The data:
============================================================
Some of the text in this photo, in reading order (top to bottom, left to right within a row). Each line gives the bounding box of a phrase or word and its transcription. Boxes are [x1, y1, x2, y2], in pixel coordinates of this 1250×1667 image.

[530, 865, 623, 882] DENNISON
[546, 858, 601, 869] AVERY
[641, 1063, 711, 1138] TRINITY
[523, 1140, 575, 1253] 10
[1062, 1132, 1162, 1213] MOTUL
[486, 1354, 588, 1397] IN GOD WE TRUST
============================================================
Brief: The answer must be a word-for-word reproduction of every record above.

Result of the exercise:
Some of the text in this photo, in reading order (top to bottom, left to right within a row). Each line gives the bounding box of a phrase or word and its transcription. Boxes are [x1, y1, x2, y2], in pixel coordinates of this 1250×1667 image.

[530, 865, 623, 882] DENNISON
[546, 858, 601, 869] AVERY
[641, 1063, 711, 1138] TRINITY
[523, 1140, 575, 1253] 10
[1062, 1132, 1162, 1213] MOTUL
[486, 1354, 588, 1397] IN GOD WE TRUST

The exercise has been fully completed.